=== Action item ===
All entries are to be transcribed verbatim, but images are not carried over.

───── Records for processing

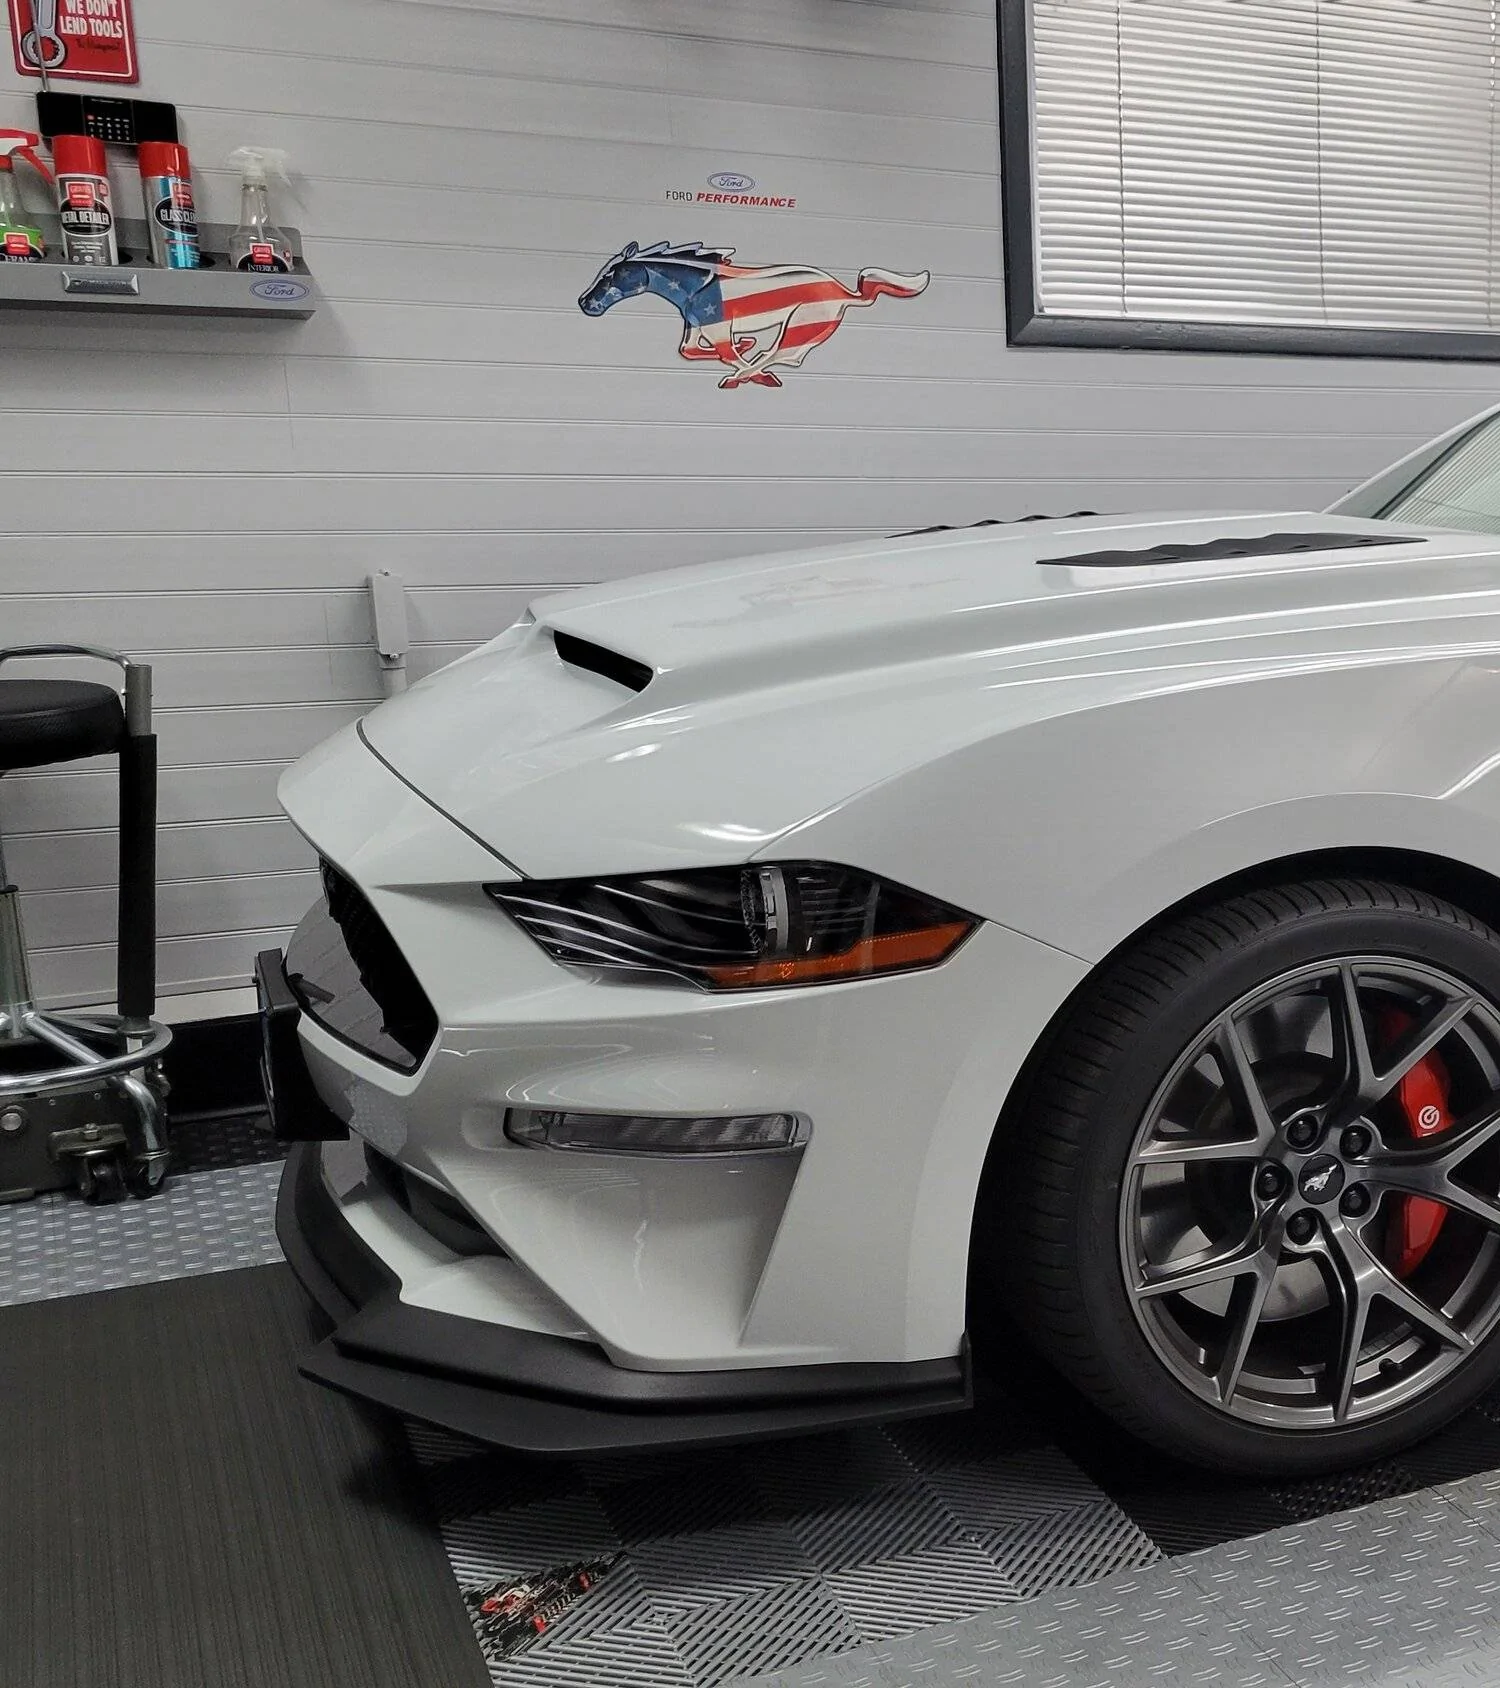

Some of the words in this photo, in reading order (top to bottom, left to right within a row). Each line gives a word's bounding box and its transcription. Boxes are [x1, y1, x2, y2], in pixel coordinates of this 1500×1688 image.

[60, 16, 88, 36] LEND
[90, 18, 123, 39] TOOLS
[719, 176, 744, 188] Ford
[666, 190, 693, 202] FORD
[696, 192, 796, 208] PERFORMANCE
[264, 283, 296, 296] Ford
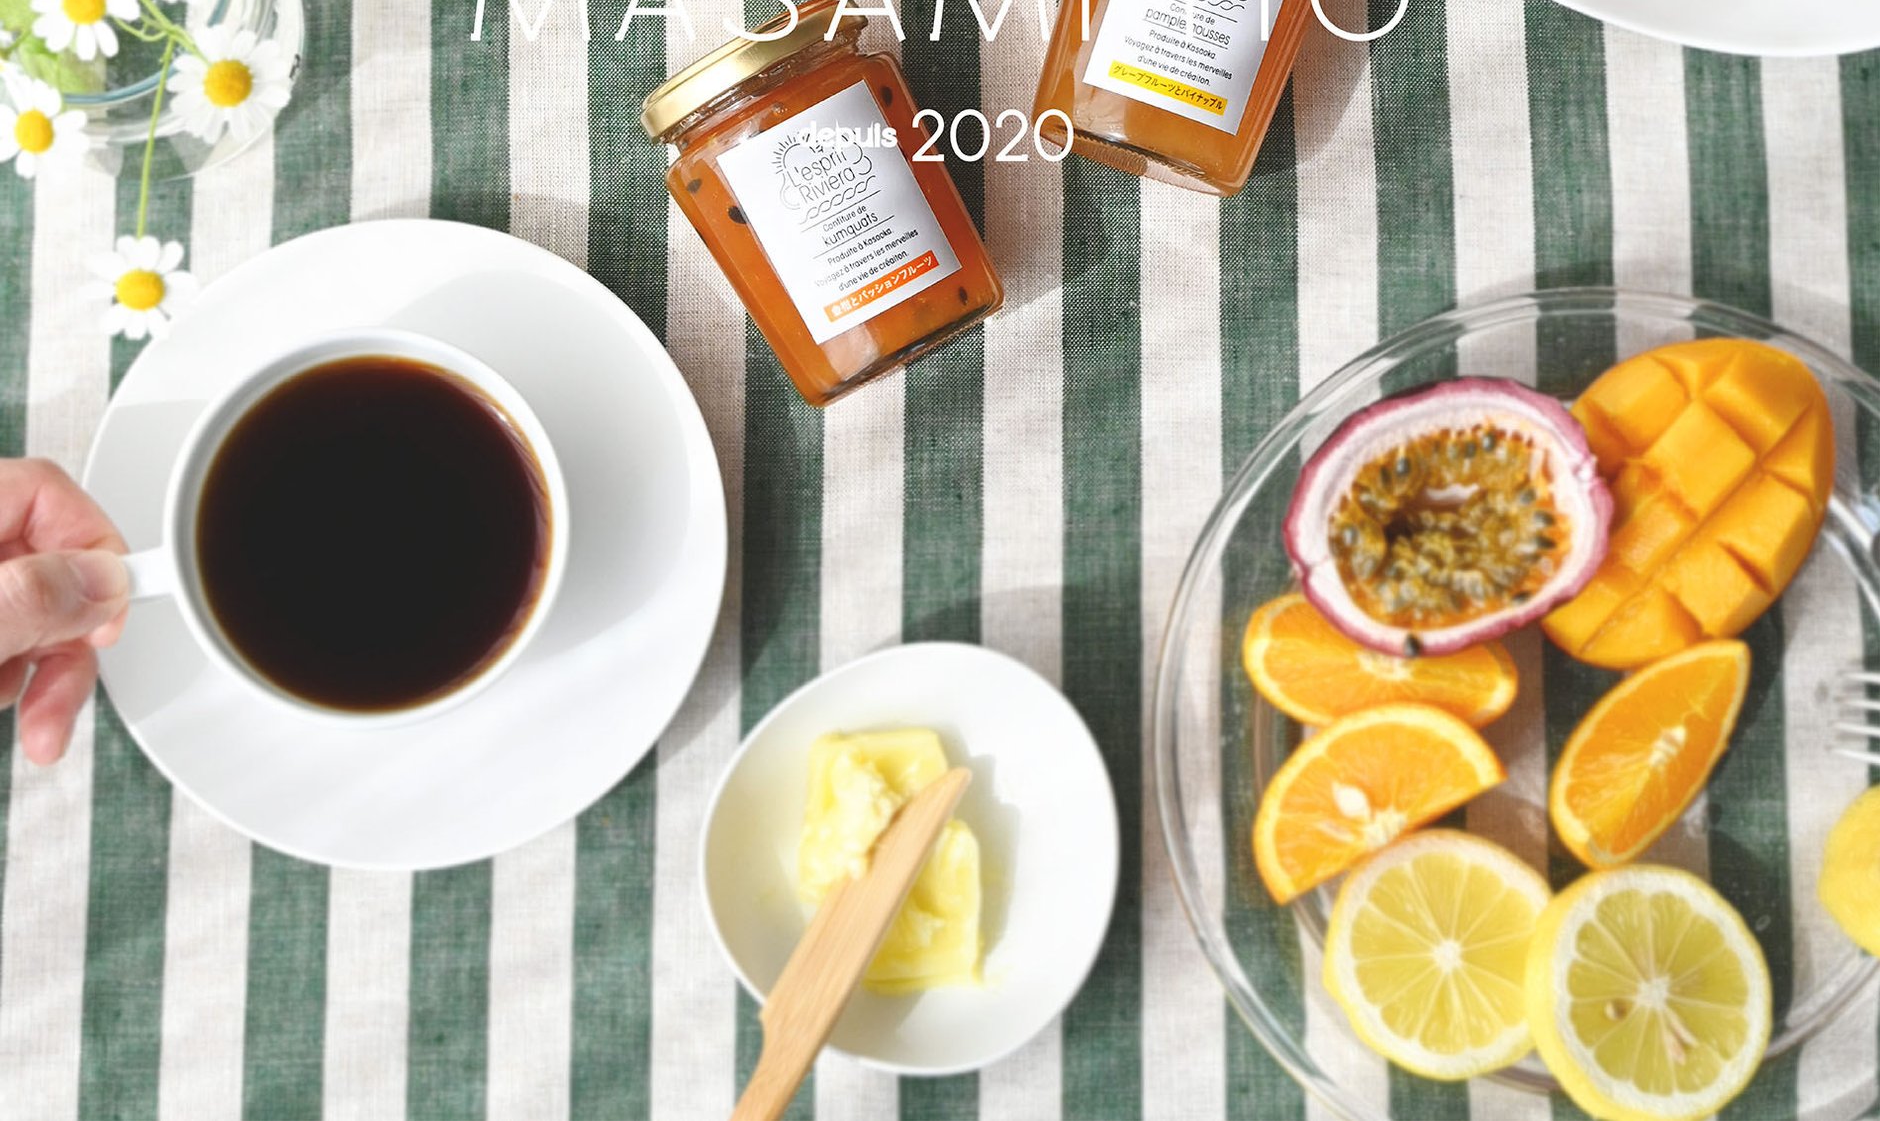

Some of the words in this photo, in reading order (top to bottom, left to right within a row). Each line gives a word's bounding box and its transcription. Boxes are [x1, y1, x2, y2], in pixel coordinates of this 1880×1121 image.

[1205, 14, 1216, 25] de
[1149, 29, 1180, 46] Produite
[1124, 35, 1154, 52] Voyagez
[1160, 48, 1186, 63] travers
[1197, 61, 1233, 80] merveilles
[1158, 62, 1169, 71] vie
[1169, 65, 1180, 75] de
[1113, 64, 1224, 110] グレープフルーツとパイナップル
[798, 166, 856, 203] Riviera
[822, 211, 856, 232] Confiture
[856, 204, 867, 216] de
[822, 212, 878, 247] kumquats
[827, 246, 858, 265] Produite
[849, 253, 874, 270] travers
[885, 229, 919, 251] merveilles
[858, 271, 869, 281] vie
[869, 265, 879, 275] de

──────────

=== Written answer ===
Some of the words in this photo, in reading order (top to bottom, left to right within a row). Each line gives a word's bounding box and its transcription. Boxes are [x1, y1, x2, y2], in pixel coordinates of this 1500×1688 image.

[60, 16, 88, 36] LEND
[90, 18, 123, 39] TOOLS
[719, 176, 744, 188] Ford
[666, 190, 693, 202] FORD
[696, 192, 796, 208] PERFORMANCE
[264, 283, 296, 296] Ford

Some of the words in this photo, in reading order (top to bottom, left to right within a row). Each line gives a word's bounding box and its transcription. Boxes are [x1, y1, x2, y2], in pixel coordinates of this 1880×1121 image.

[1205, 14, 1216, 25] de
[1149, 29, 1180, 46] Produite
[1124, 35, 1154, 52] Voyagez
[1160, 48, 1186, 63] travers
[1197, 61, 1233, 80] merveilles
[1158, 62, 1169, 71] vie
[1169, 65, 1180, 75] de
[1113, 64, 1224, 110] グレープフルーツとパイナップル
[798, 166, 856, 203] Riviera
[822, 211, 856, 232] Confiture
[856, 204, 867, 216] de
[822, 212, 878, 247] kumquats
[827, 246, 858, 265] Produite
[849, 253, 874, 270] travers
[885, 229, 919, 251] merveilles
[858, 271, 869, 281] vie
[869, 265, 879, 275] de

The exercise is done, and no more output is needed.